--- START ---

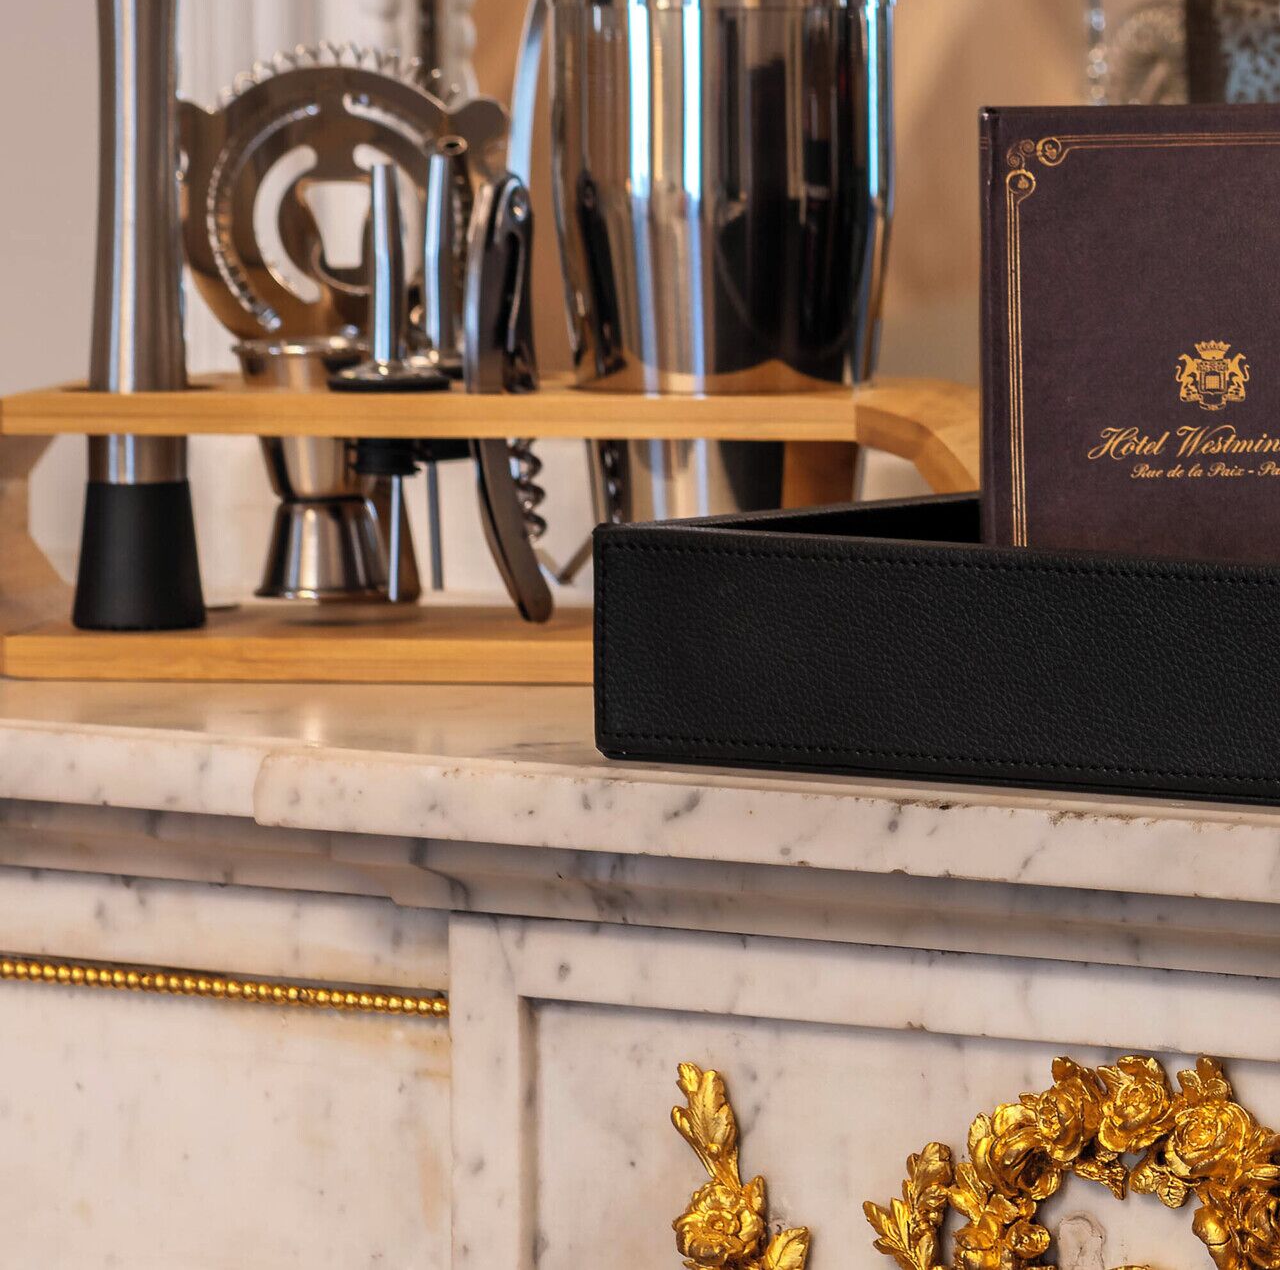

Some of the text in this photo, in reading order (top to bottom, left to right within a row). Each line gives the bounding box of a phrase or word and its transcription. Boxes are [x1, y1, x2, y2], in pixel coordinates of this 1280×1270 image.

[1087, 426, 1170, 460] Hôtel
[1130, 462, 1163, 479] Rue
[1166, 463, 1184, 479] de
[1187, 463, 1203, 478] la
[1207, 461, 1244, 478] Paix
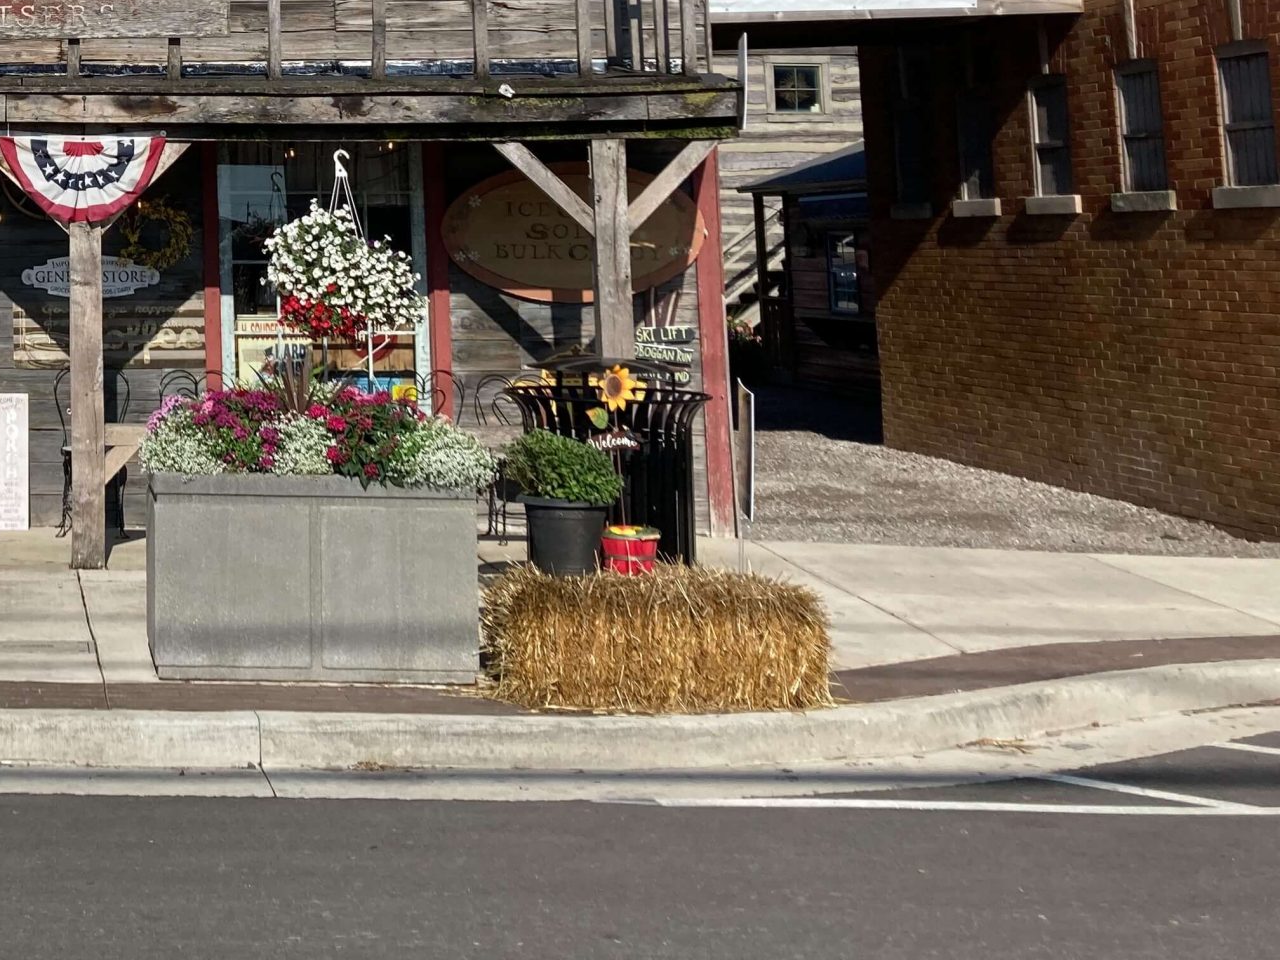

--- END ---

**Work task**
Reproduce the listing in full and exactly, excluding any pictures it holds.

**Written answer**
Some of the text in this photo, in reading order (top to bottom, left to right within a row). Each line gives the bounding box of a phrase or word and its transcription. Boxes are [x1, y1, x2, y2], in pixel coordinates of this 1280×1270 image.

[1087, 426, 1170, 460] Hôtel
[1130, 462, 1163, 479] Rue
[1166, 463, 1184, 479] de
[1187, 463, 1203, 478] la
[1207, 461, 1244, 478] Paix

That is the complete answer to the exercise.